▶ _ASSIGNED TASK_: The full listing, exactly as written and with no images, is the expected output.
------------------------------
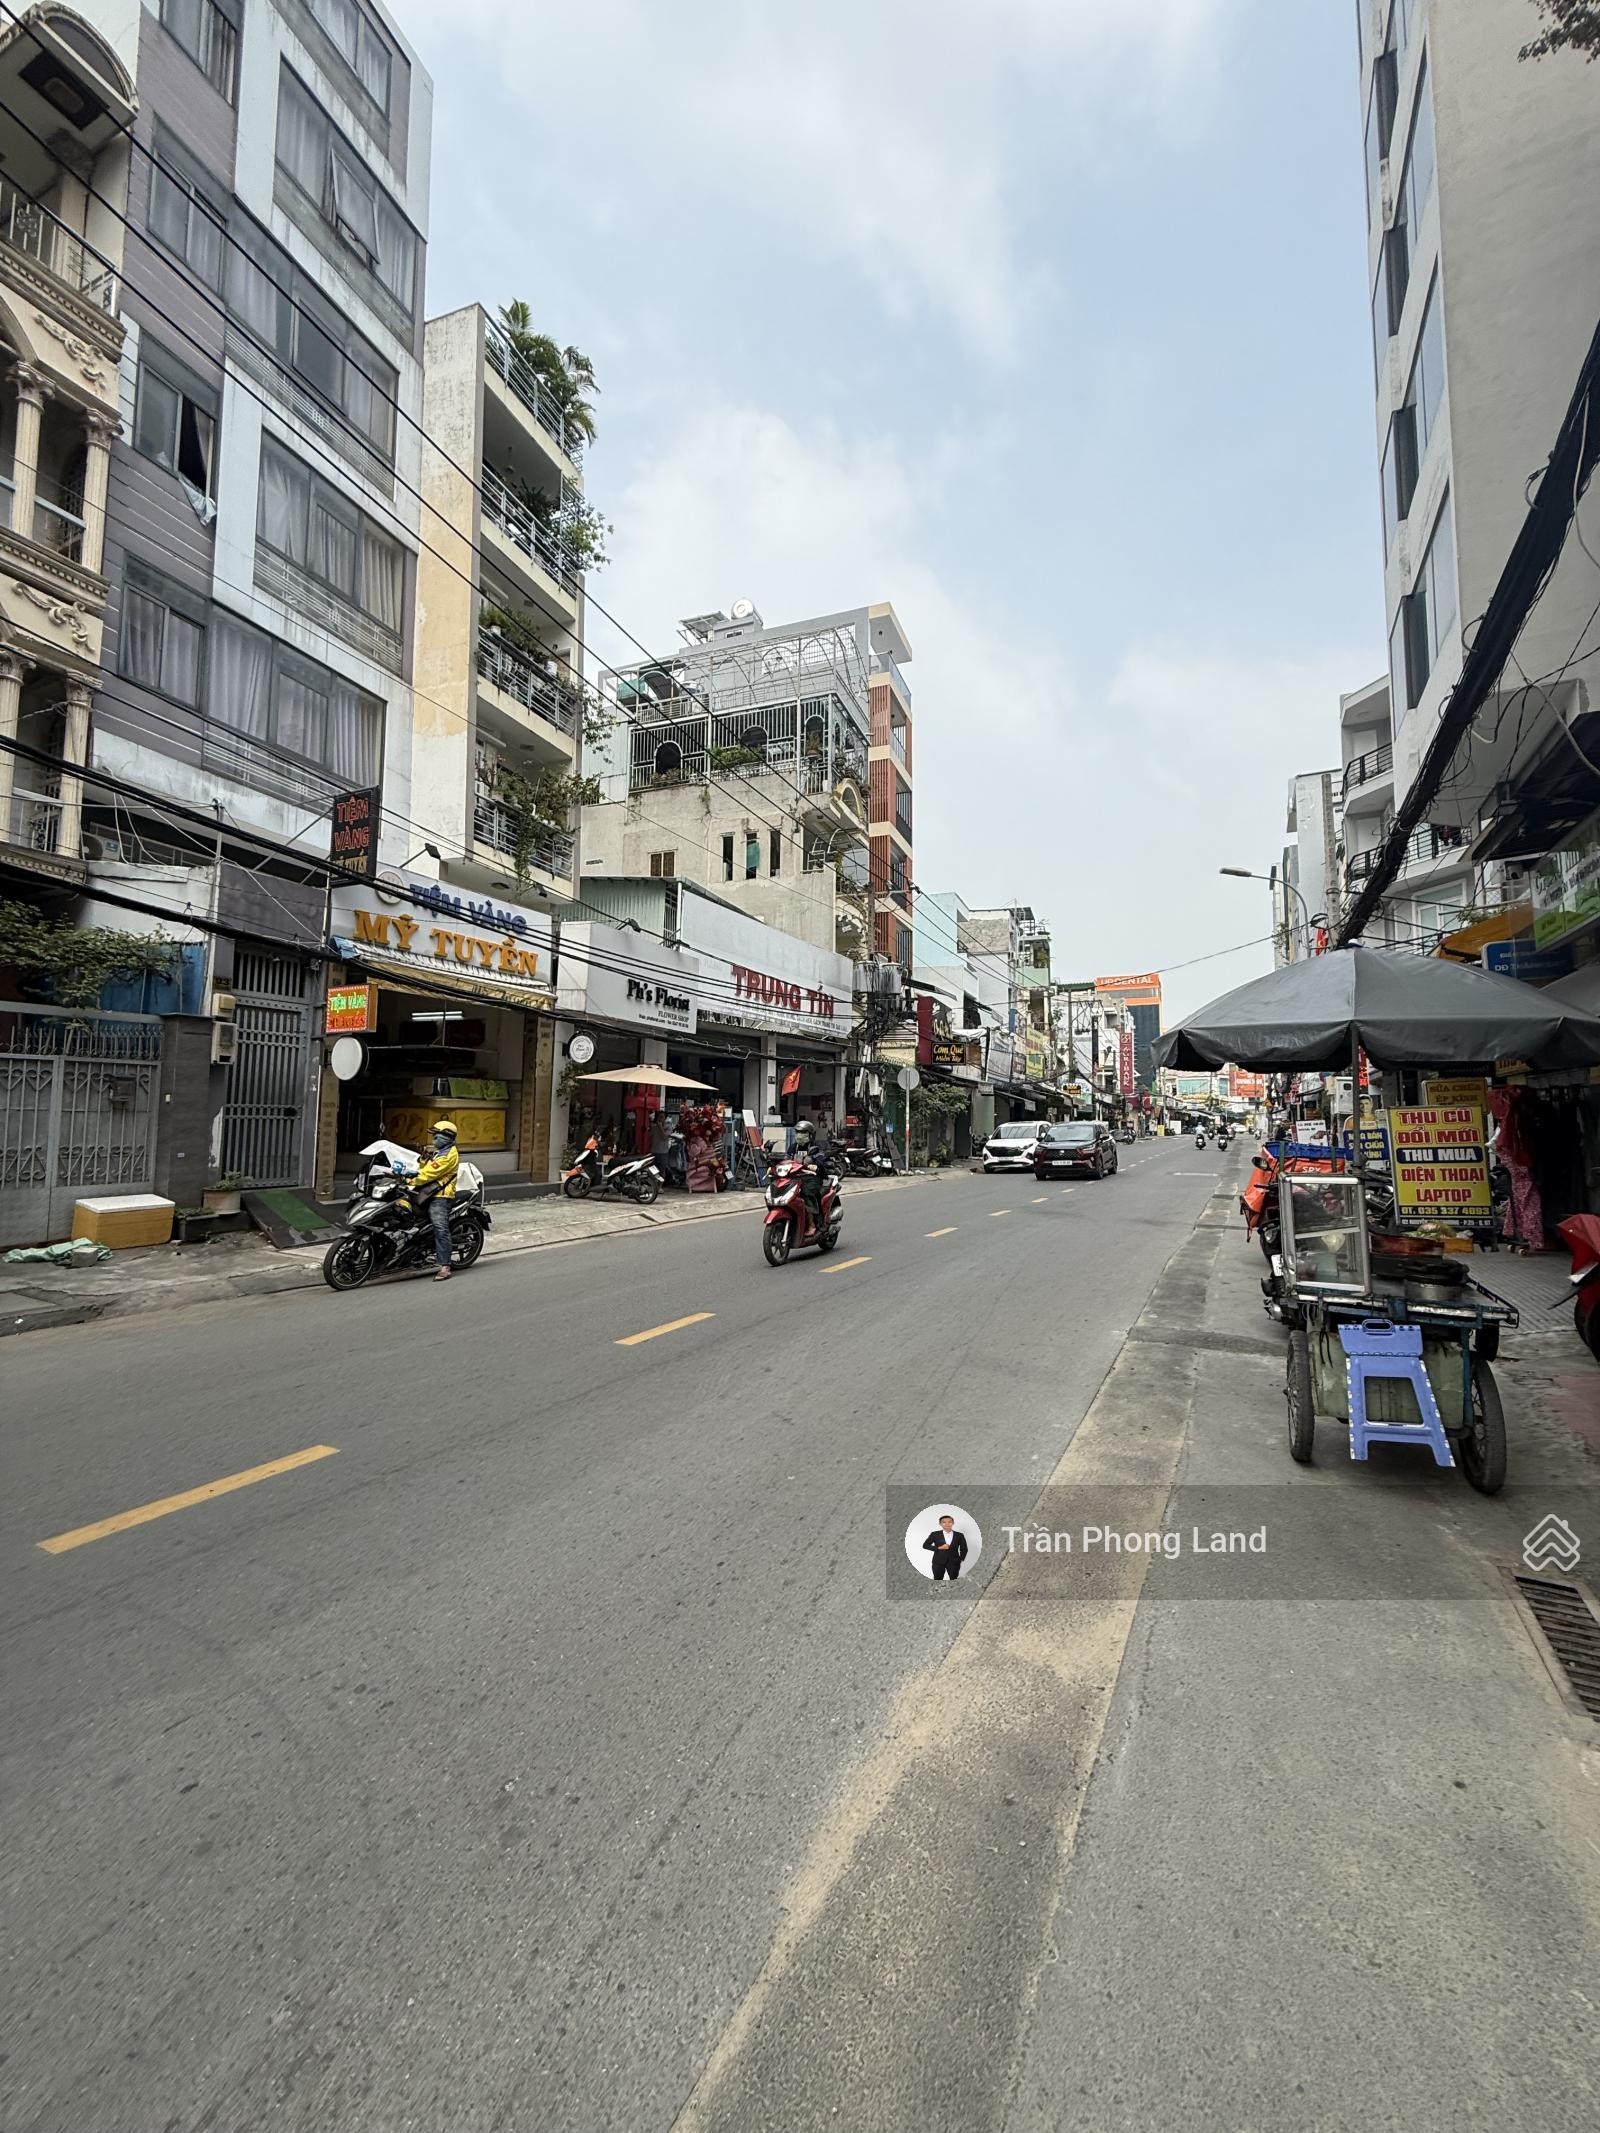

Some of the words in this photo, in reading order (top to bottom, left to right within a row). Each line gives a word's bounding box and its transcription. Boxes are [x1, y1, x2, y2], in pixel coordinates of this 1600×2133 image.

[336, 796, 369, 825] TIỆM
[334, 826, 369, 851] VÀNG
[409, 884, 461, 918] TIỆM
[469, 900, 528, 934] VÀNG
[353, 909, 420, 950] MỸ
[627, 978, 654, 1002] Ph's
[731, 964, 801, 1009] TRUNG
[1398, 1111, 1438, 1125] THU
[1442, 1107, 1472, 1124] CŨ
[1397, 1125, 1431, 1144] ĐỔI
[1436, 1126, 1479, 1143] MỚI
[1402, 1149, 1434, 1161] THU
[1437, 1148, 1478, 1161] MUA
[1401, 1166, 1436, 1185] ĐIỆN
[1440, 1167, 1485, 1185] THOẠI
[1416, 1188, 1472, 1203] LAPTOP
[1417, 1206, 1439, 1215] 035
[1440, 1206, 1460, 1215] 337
------------------------------
▶ _EXPECTED ANSWER_:
Some of the words in this photo, in reading order (top to bottom, left to right within a row). Each line gives a word's bounding box and its transcription. Boxes are [x1, y1, x2, y2], in pixel coordinates of this 1600×2133 image.

[336, 796, 369, 825] TIỆM
[334, 826, 369, 851] VÀNG
[409, 884, 461, 918] TIỆM
[469, 900, 528, 934] VÀNG
[353, 909, 420, 950] MỸ
[627, 978, 654, 1002] Ph's
[731, 964, 801, 1009] TRUNG
[1398, 1111, 1438, 1125] THU
[1442, 1107, 1472, 1124] CŨ
[1397, 1125, 1431, 1144] ĐỔI
[1436, 1126, 1479, 1143] MỚI
[1402, 1149, 1434, 1161] THU
[1437, 1148, 1478, 1161] MUA
[1401, 1166, 1436, 1185] ĐIỆN
[1440, 1167, 1485, 1185] THOẠI
[1416, 1188, 1472, 1203] LAPTOP
[1417, 1206, 1439, 1215] 035
[1440, 1206, 1460, 1215] 337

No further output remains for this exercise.